For now, we’re only interested in the contents of the dist/ folder. Set up your newly created library for use in your container by appending the below lines at the end of your Dockerfile.


RUN mkdir dist/
ADD dist dist
RUN pip3 install ./dist/utilities-0.1-py3-none-any.whlRUN pip3 install ./dist/utilities-0.1-py3-none-any.whl

5. Now that your library is all set up, make changes in your notebook to import the load_env and the get_env_or_args as follows:


from utils.env import load_env, get_env_or_args

Remove the cells that define these two functions and sit back and watch in amazement when you’re still able to run your notebook without defining load_env & get_env_or_args.


make local

Enjoying this tutorial? Don't miss out on more exclusive insights and real-life digital product stories at LeadReads. Read by Top C Execs.

Join here

Step 4: Build your new library in the CD pipeline and auto-deploy changes

This is broken down into two steps.

  1. Automatically build the library and upload it to S3
  2. Update the additional-python-libraries attribute of the Glue job to point to the file in S3

Add these additional steps to your CD pipeline. And your new CD pipeline should look like this.


....
- name: Upload to S3
  uses: jakejarvis/s3-sync-action@master
  with:
    args: >
      --delete
  env:
    AWS_S3_BUCKET: ${{ env.BUCKET_NAME }}
    AWS_REGION: ${{ env.REGION }}
    AWS_ACCESS_KEY_ID: ${{ secrets.AWS_ACCESS_KEY_ID }}
    AWS_SECRET_ACCESS_KEY: ${{ secrets.AWS_SECRET_ACCESS_KEY }}
    SOURCE_DIR: './data/raw'
    DEST_DIR: 'source'

- name: Build utils library
	run: ./scripts/build-lib.sh utils-0.1-py3-none-any.whl

- name: Upload library to S3
  uses: jakejarvis/s3-sync-action@master
  with:
    args: >
      --delete
  env:
    AWS_S3_BUCKET: ${{ env.BUCKET_NAME }}
    AWS_REGION: ${{ env.REGION }}
    AWS_ACCESS_KEY_ID: ${{ secrets.AWS_ACCESS_KEY_ID }}
    AWS_SECRET_ACCESS_KEY: ${{ secrets.AWS_SECRET_ACCESS_KEY }}
    SOURCE_DIR: './lib'
    DEST_DIR: 'lib'
	...

Step 5: Run this on AWS

With your new changes, create a pull request on GitHub, or if you're feeling special, push it to the main directly 🚀

Once your changes are reflected on AWS, hit run, either via the notebook or run your script from the actions drop-down.

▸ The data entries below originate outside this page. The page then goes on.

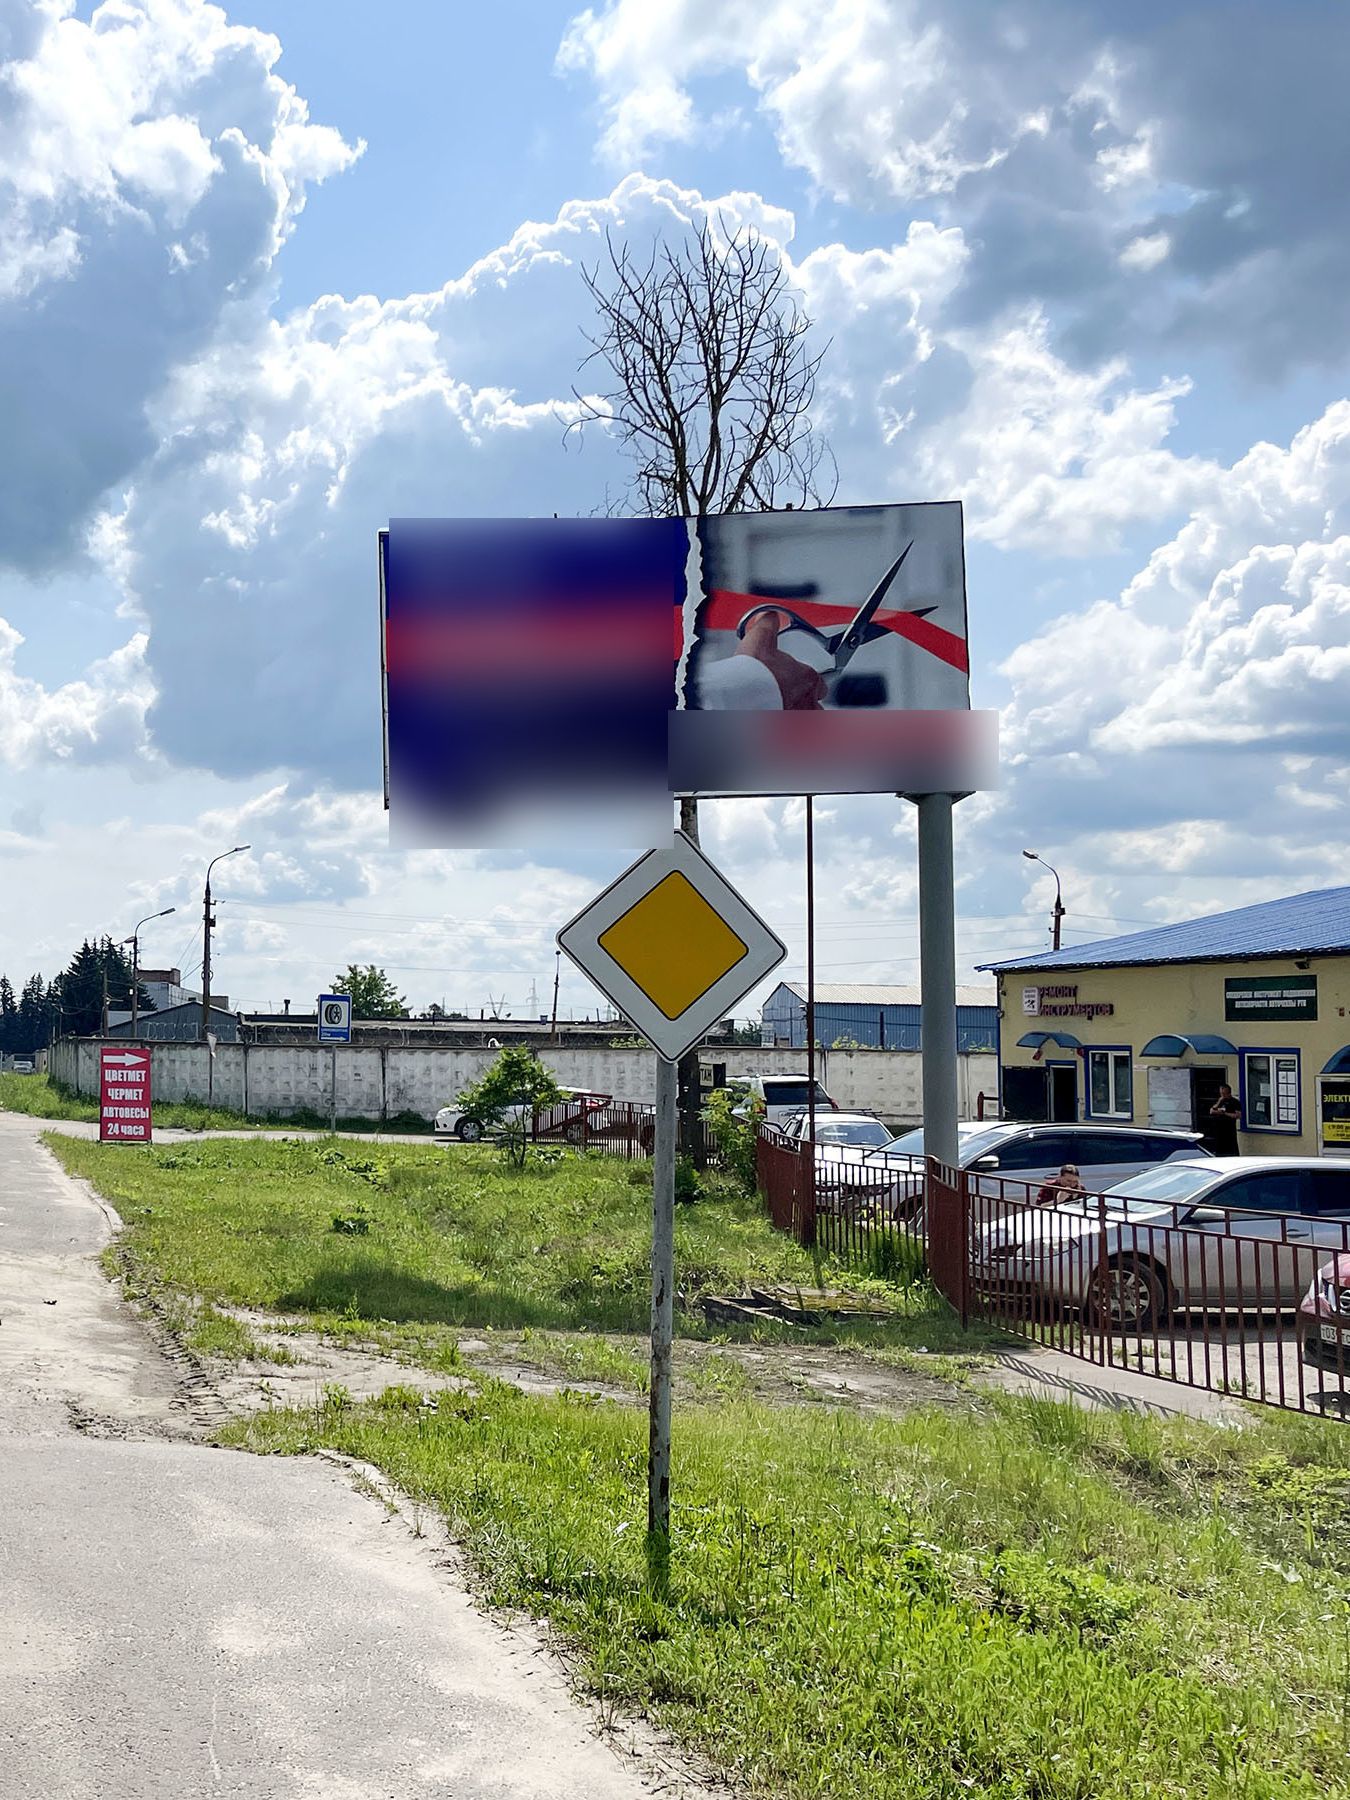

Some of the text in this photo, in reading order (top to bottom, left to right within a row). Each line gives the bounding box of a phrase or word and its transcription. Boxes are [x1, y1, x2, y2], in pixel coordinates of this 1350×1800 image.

[104, 1069, 147, 1082] ЦВЕТМЕТ
[107, 1087, 144, 1101] ЧЕРМЕТ
[103, 1106, 150, 1119] АВТОВЕСЫ
[107, 1123, 145, 1136] 24 часа
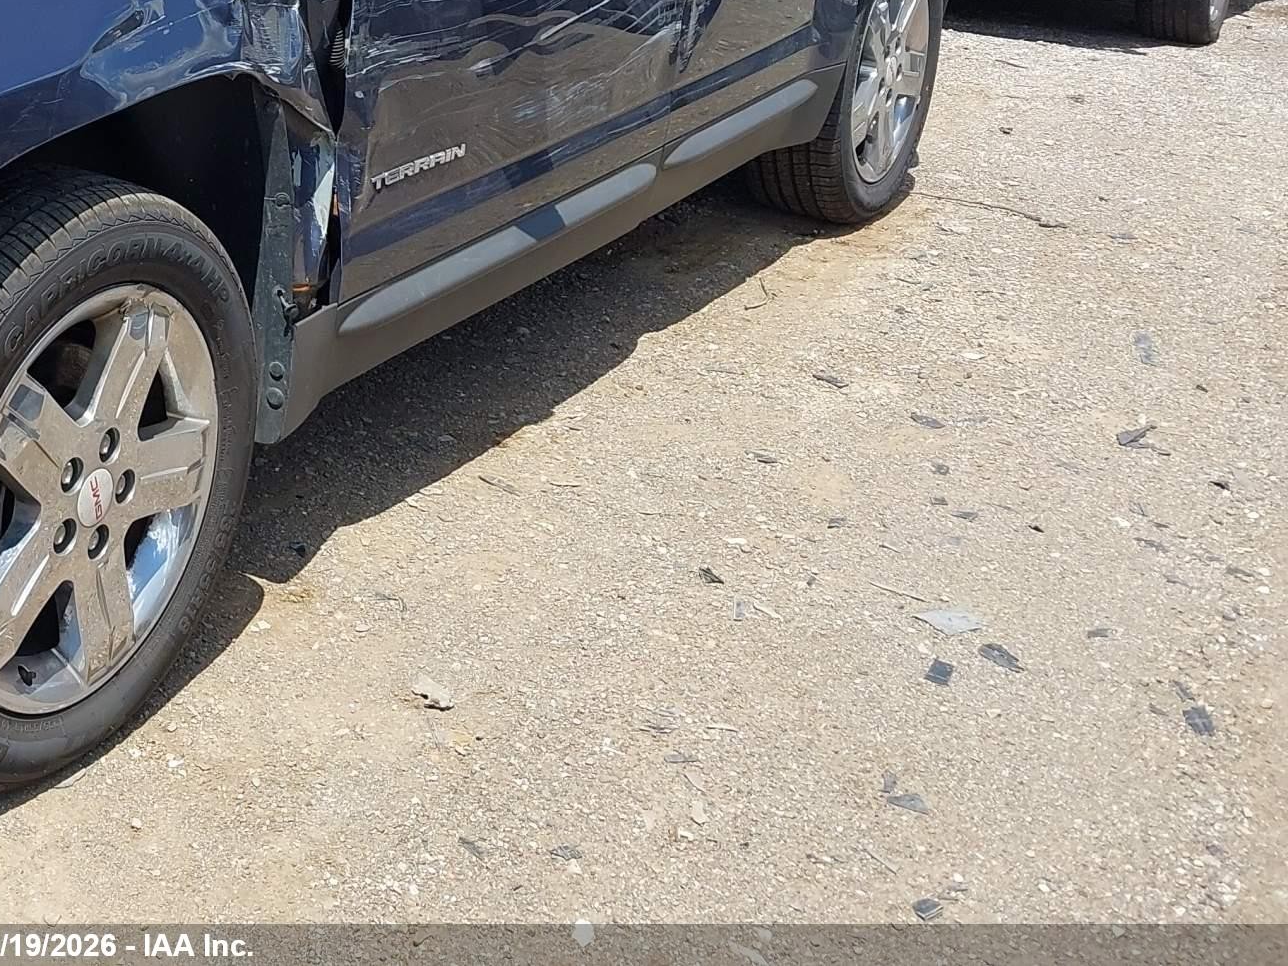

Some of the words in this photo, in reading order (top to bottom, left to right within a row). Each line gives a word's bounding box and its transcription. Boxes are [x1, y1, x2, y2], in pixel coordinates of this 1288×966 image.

[370, 143, 467, 190] TERRAIN
[3, 236, 161, 356] CAPRICORN
[90, 476, 103, 520] GMC
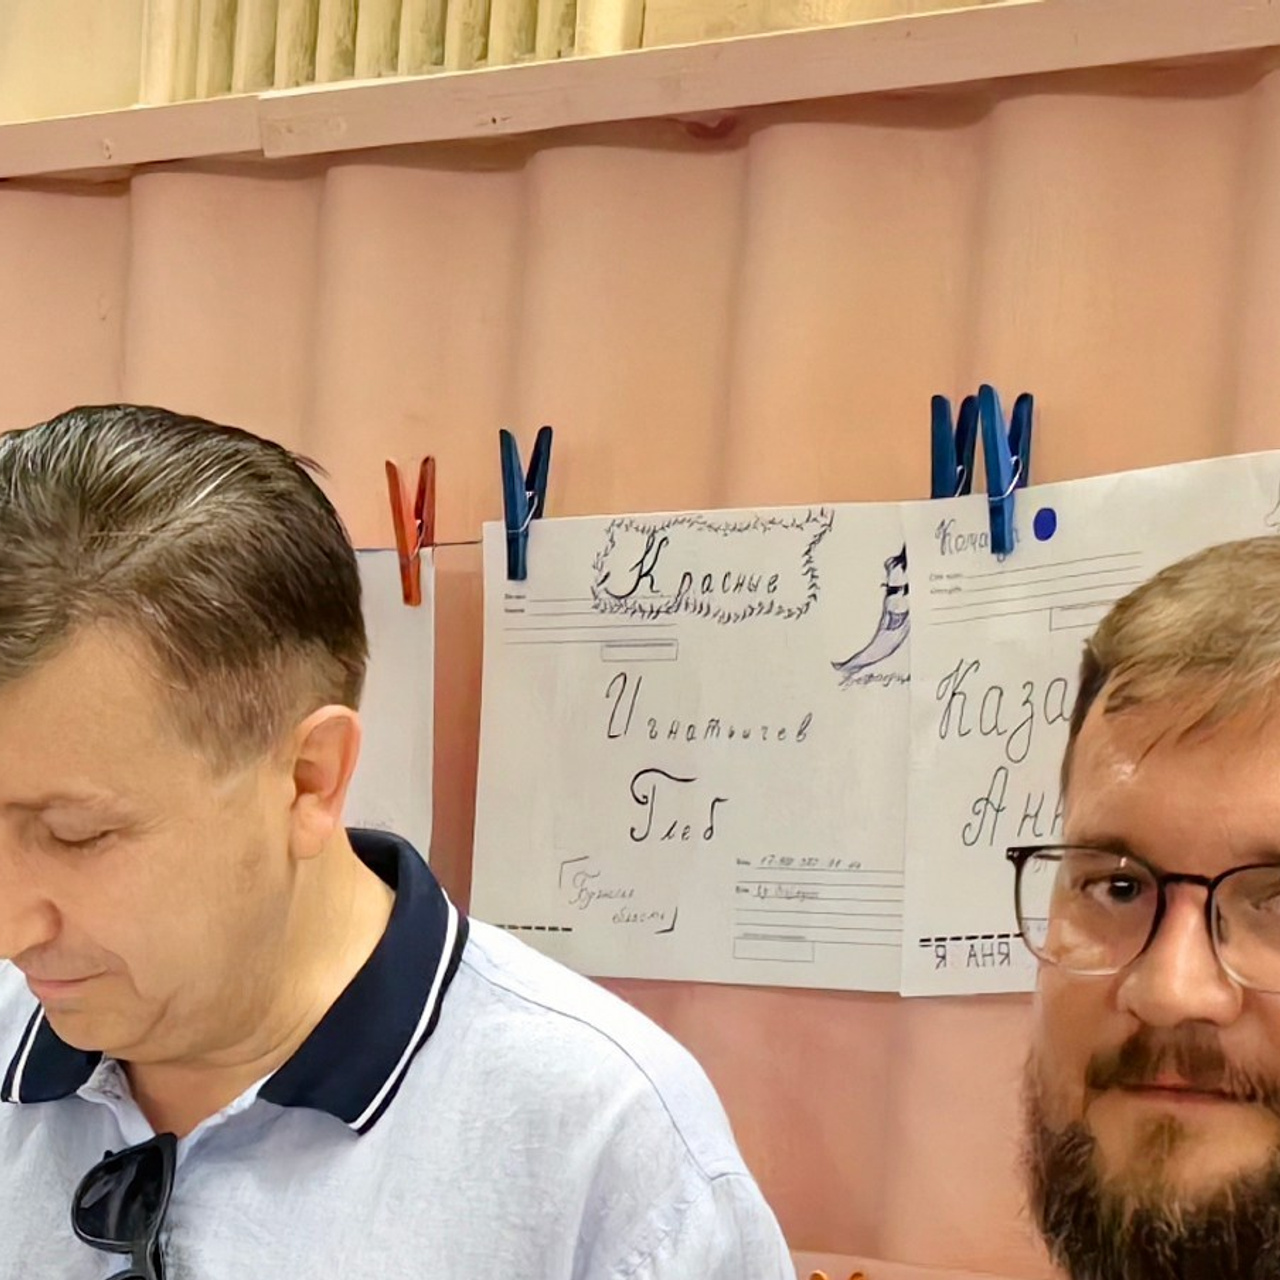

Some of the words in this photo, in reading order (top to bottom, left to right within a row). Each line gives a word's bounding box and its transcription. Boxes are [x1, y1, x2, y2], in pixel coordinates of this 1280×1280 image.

[935, 658, 1071, 764] Каза
[630, 767, 730, 843] Глеб
[935, 944, 947, 969] Я
[966, 941, 1011, 968] АНЯ
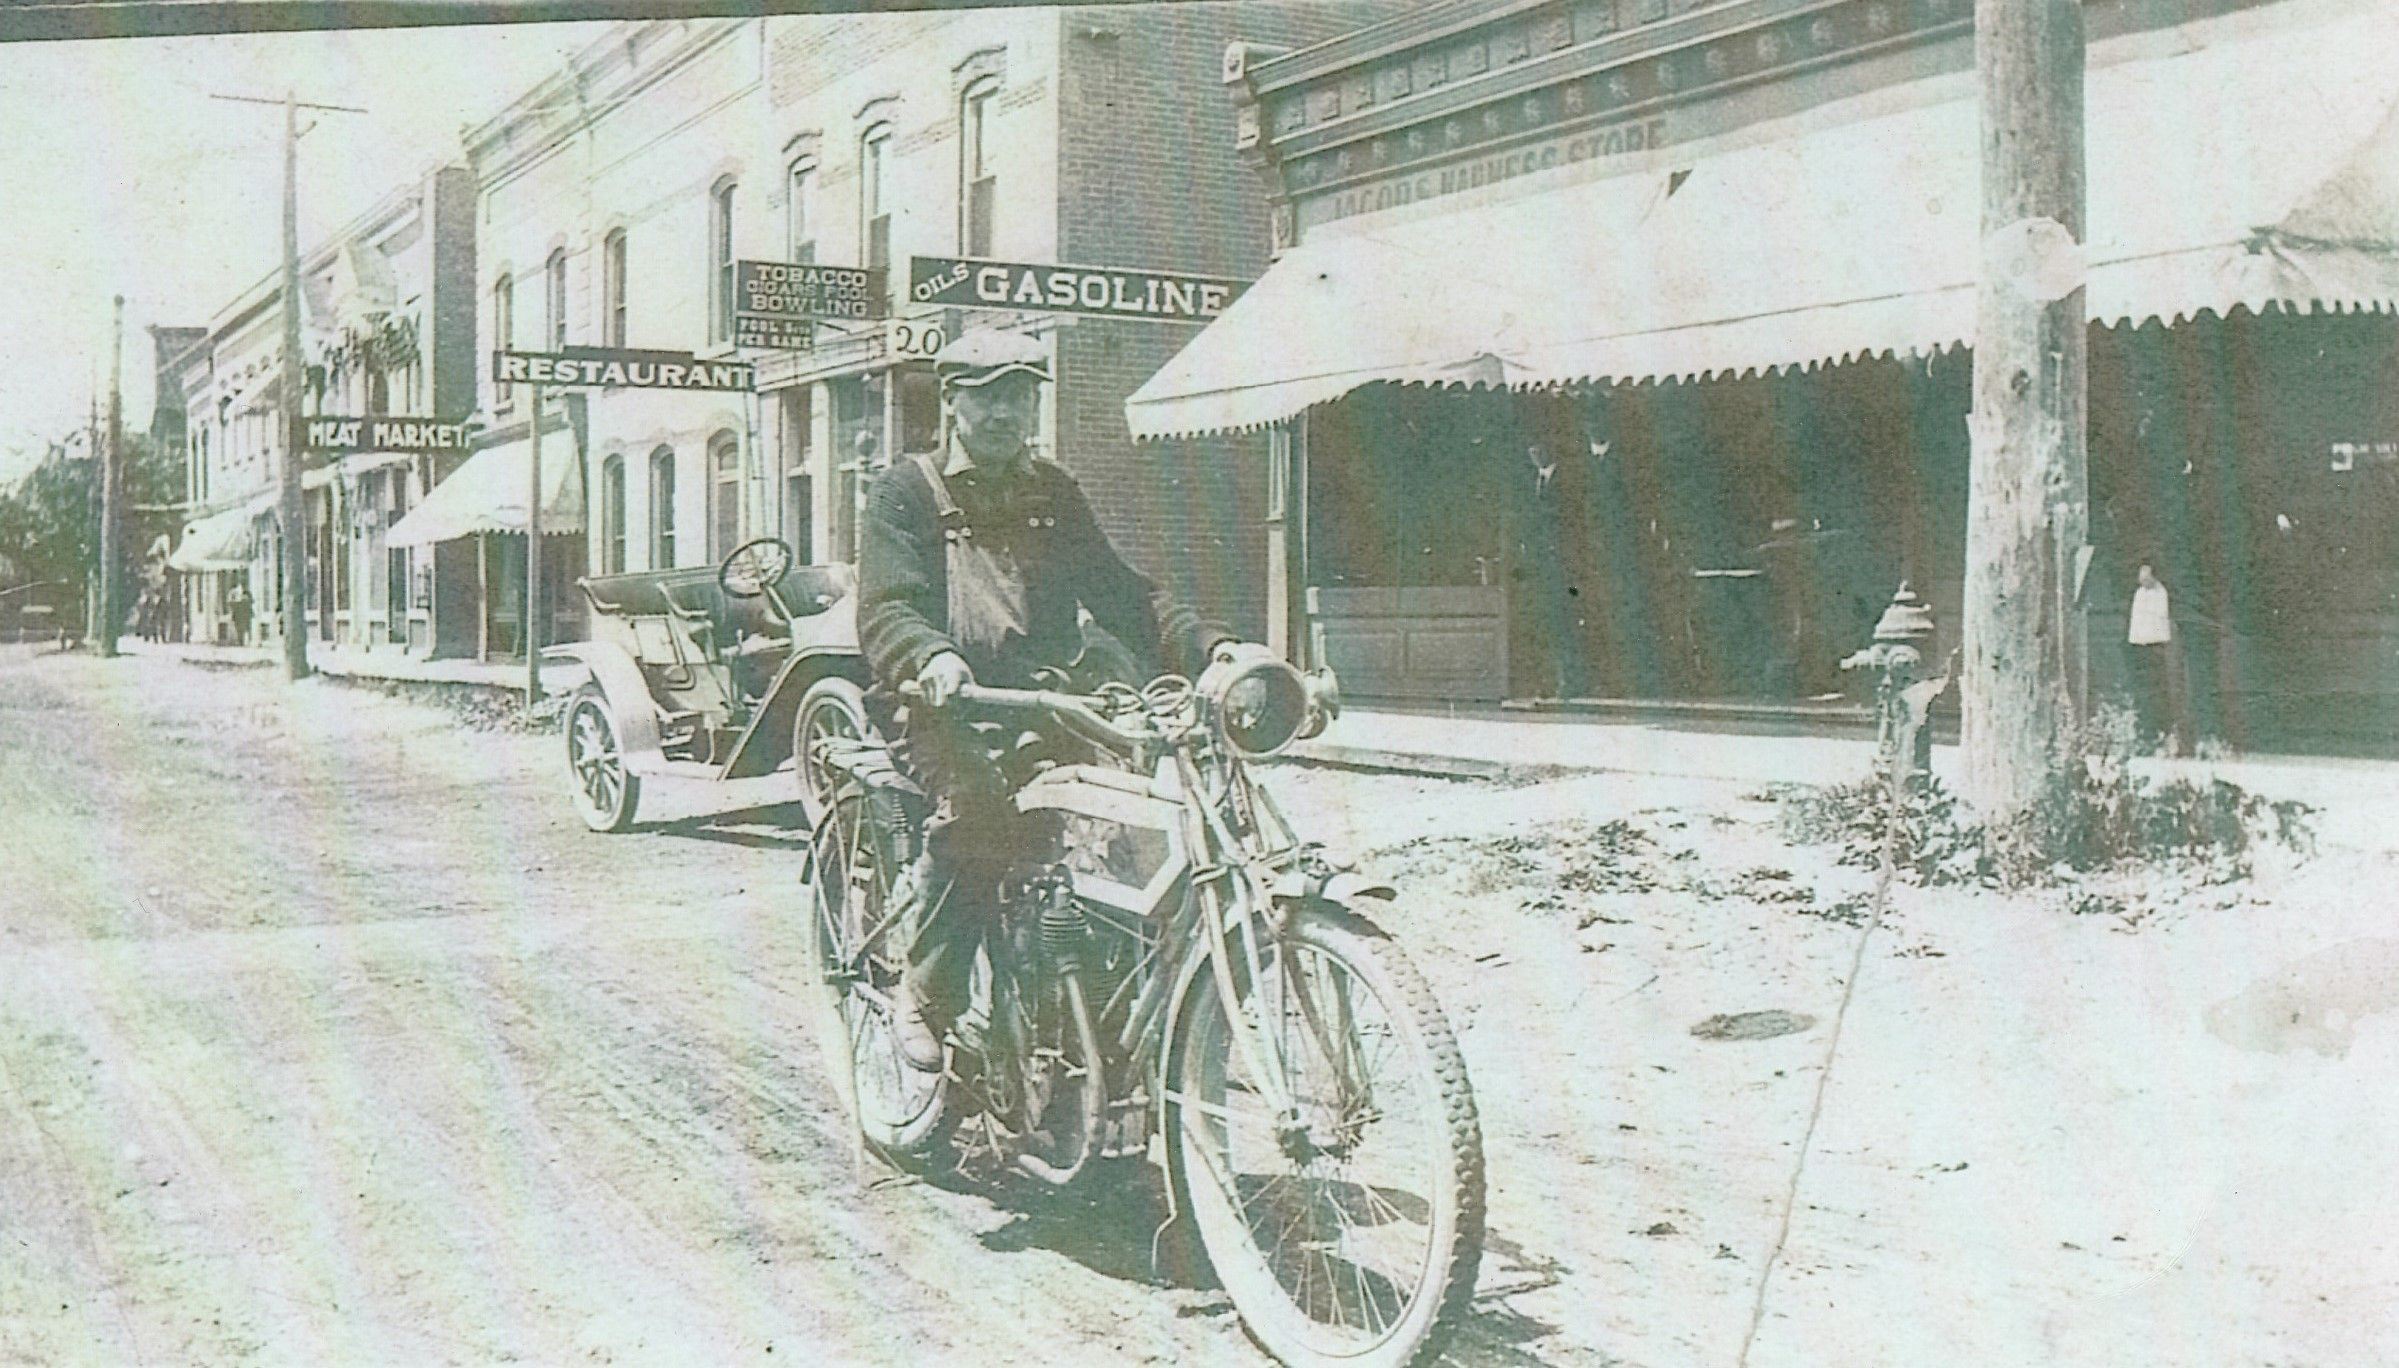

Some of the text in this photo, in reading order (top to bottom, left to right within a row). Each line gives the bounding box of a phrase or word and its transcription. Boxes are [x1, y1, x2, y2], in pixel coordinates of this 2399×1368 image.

Sit back and watch while your transformations are performed with the help of your new, swanky, robust, and reusable custom library!

Looking back, in this tutorial, you’ve:

  • Set up AWS Glue powered Jupyter Notebooks locally, saving hard-earned dollars!
  • Set up continuous deployment for your Glue jobs.
  • Created your own Python library and reused code from your Python library across multiple Glue scripts/jobs.
  • Automated deployments and upgrades to your library with continuous deployment.
💡Here’s a link to the completed code on GitHub. Additionally, you can take a look at the complete diff between the start of the tutorial and the end right here

You’ve come a long way. This is a state-of-the-art set up for your data engineering pipeline. But as the age-old quote goes - 'You haven’t come this far, to only come this far'.